Even now, many years after his death, my heart lifts when I see little Hector look-alikes walk into our surgery. He had an unusually long, sharp-pointed face and lean body with the classical ‘Chippendale legs’, and sometimes his progeny’s progeny remind me almost painfully of the happy years I spent with him.
Dan came to me by accident. When my son, Jimmy, qualified as a veterinary surgeon, he received various gifts from family and friends. One of my colleagues gave him a five pound note. With this money, he bought a black Labrador pup and named him Dan. Jimmy’s first job was as assistant to the famous Eddie Straiton, the TV vet, and Dan was his companion in the night and day slog of this busy practice.
When he came to join our practice, he brought Dan with him, so we had two dogs in the house. It was an instant friendship between them, Hector frisking around, gnawing playfully at the big dog’s legs, Dan submitting happily.
Dan was truly beautiful with his noble head, serene expression and the glossiest black coat I had ever seen. Jimmy declared that his superb lustre was due to the vast quantities of milk he consumed at the Straiton establishment. There was a large cat colony at Eddie’s animal hospital and Dan used to raid their bowls shamelessly. I loved to watch him bounding along after a stick with his muscles rippling under that shiny skin. It was his greatest joy and it is how I always think of him now.
When Jimmy left home to be married, he left Dan with me. He knew I had become attached to the big dog and he was being kind to me and kind to Hector. I consoled myself with the thought that his unselfishness would not be too hard on him because his new home was only a mile away, he was working with me in the practice and he would see Dan every day. He bought himself a lovely little Lancashire Heeler bitch which he mated and kept one of the pups, so that in Sophie and Chloe he had his own car dogs.
As for me, I settled down to an era which I cherish in my memory as the Hector and Dan time. To a country vet like myself whose life was spent on the roads and lanes these dogs were very important. The pattern was always the same, Dan stretched on the passenger seat with his head on my knee, Hector peering through the windscreen, his paws balanced on my hand as it rested on the gear lever. Dan wasn’t worried about what went on outside but Hector hated to miss a thing. His head bobbed around erratically as I changed gear but h
is feet never slipped off my hand.
One great bonus in my life was that I was able to take occasional breaks between visits, and since I worked among some of the finest dog-walking country in England those breaks were special. I do feel for the thousands of dog owners who live in cities. They labour under so many difficulties and disadvantages, but my walks took me along grassy tracks on the hilltops and among the heather.
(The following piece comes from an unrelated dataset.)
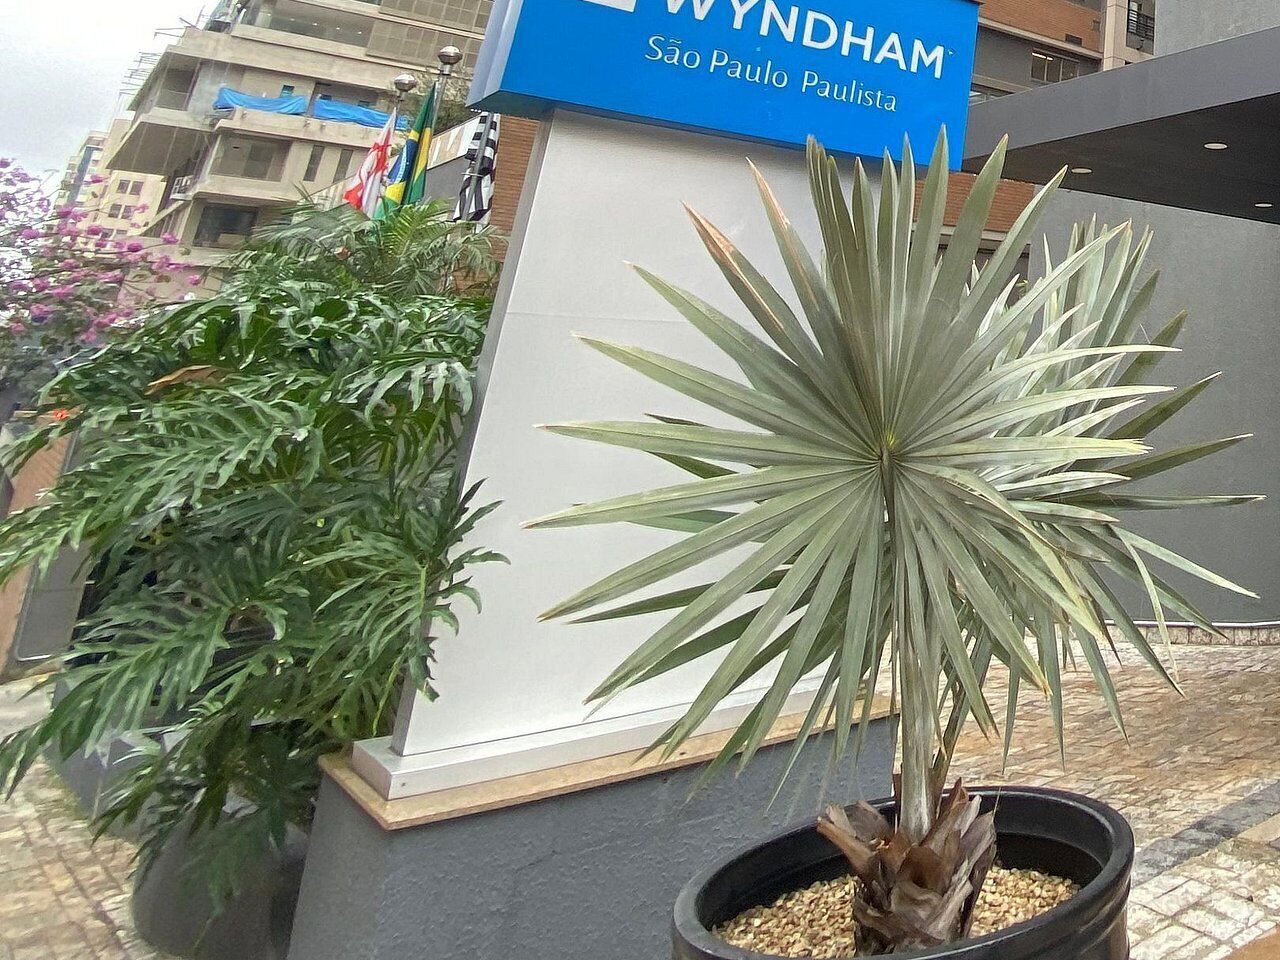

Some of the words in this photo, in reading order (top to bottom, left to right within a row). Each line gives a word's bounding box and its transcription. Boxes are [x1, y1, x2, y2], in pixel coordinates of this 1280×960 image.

There was an endless multitude of these little paths, soft on paws and feet, free of cars and people and noise, remote and peaceful.
I could hardly believe my good fortune at being able to call a halt in the day and step from the car into a tranquil world. Within seconds I was out in the beauty of Yorkshire, wandering along in the sunshine and the clean air with my two companions trotting ahead of me. Lucky dogs, I often thought, and lucky, lucky me.
One thing Dan insisted on during these walks was a stick to carry. If he didn’t have one in his mouth he was miserable, and since we were usually up on the high, treeless country where wood was difficult to find, he used to spend his time ferreting about in frustration. Sometimes I was compelled to break off a strong stem of heather for him to carry, but he accepted it with poor grace. He didn’t just like sticks, he liked big ones, so very early in our association I took to carrying a supply in my car boot.
One day a farmer was standing by me as I fished out my wellingtons and syringe, and he looked wonderingly at the stout branches reclining among my drugs.
‘What the ’ell have you got them great shillelaghs for?’ he asked.